The Australian Society of Plastic Surgeons (ASPS) has re-issued warnings of the risks of cosmetic tourism following the death of a British woman undergoing a procedure in Thailand last week.
The woman, reportedly died during a corrective procedure performed by an allegedly “uncertified surgeon” after her surgery at the same Bangkok clinic weeks earlier, ASPS said in a statement.
ASPS president Dr Tony Kane said it is “extremely concerning” that some perceive cosmetic surgery as “less serious” than other forms of surgery.
“Most people would never consider combining any other type of surgery with an overseas holiday,” he said.
“The reality is that cosmetic surgery is invasive and carries the same risk as any other surgery and must be taken seriously.”
Addressing the rise in ‘cosmetic tourism packages’, Dr Kane said that while it may appear cheaper to undergo the same procedure overseas than in Australia, as well as many lured into thinking the time spent overseas could double as a holiday break, he warns “many patients suffer complications requiring corrective surgery” upon returning to Australia.
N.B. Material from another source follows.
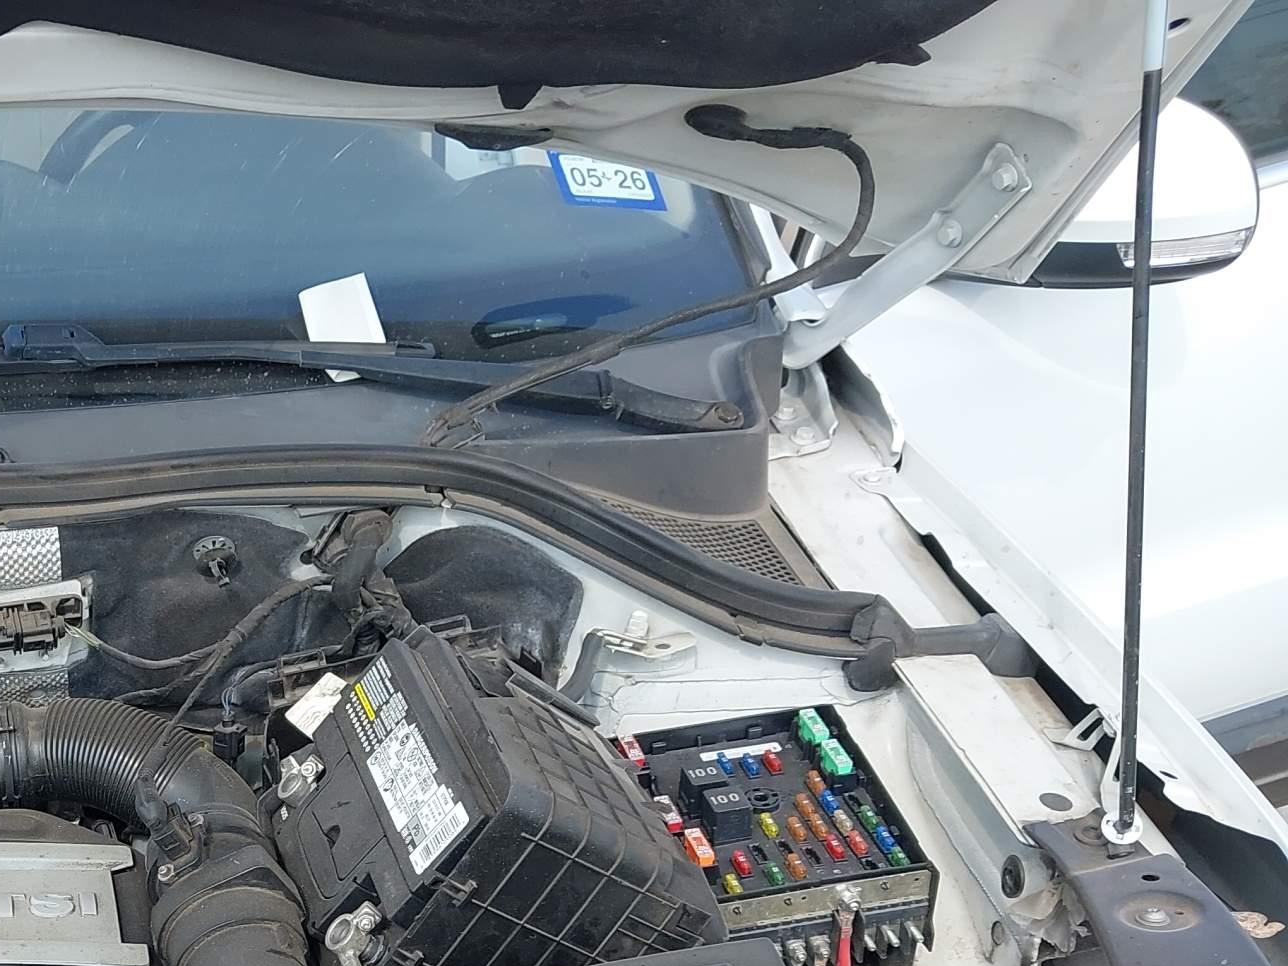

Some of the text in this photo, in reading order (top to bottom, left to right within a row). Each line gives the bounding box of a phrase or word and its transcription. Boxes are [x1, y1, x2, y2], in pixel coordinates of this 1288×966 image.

[570, 167, 646, 191] 05 26
[688, 766, 717, 779] 100
[710, 793, 740, 806] 100
Furthermore, patients should be aware that in most cases their travel insurance would not cover complications arising from elected surgery, with each provider having different policies surrounding ‘cosmetic tourism’ holdiays.
“This means patients will end up paying more than if they had, upfront, chosen a qualified Specialist Plastic Surgeon in Australia,” Dr Kane said.
“If, despite all the possible risks, the choice is to go overseas for a procedure, all patients should check that the staff, equipment and continuum of care is at least equal to what you would receive in Australia and that the medical practitioner has an internationally recognised and accredited surgical qualification”
“At the very least, you must insist on at least one face to face consultation with the practitioner before the surgery so you can ask all your questions about the procedure, the surgeon’s qualifications and training and that of the anaesthetist and other medical staff involved. Also be fully satisfied that any devices and products used in the procedure meet Australian standards. You also need the details of all follow up care and management of complications,” he said.
Dr Kane warned that having multiple procedures over a short space of time and then almost immediately travelling on a long flight back to Australia “is extremely risky”.
The Australian Society of Plastic Surgeons urges travellers considering overseas cosmetic procedures to first visit its website which provides a comprehensive cosmetic tourism checklist, ‘Buyer Beware: Cosmetic Tourism’.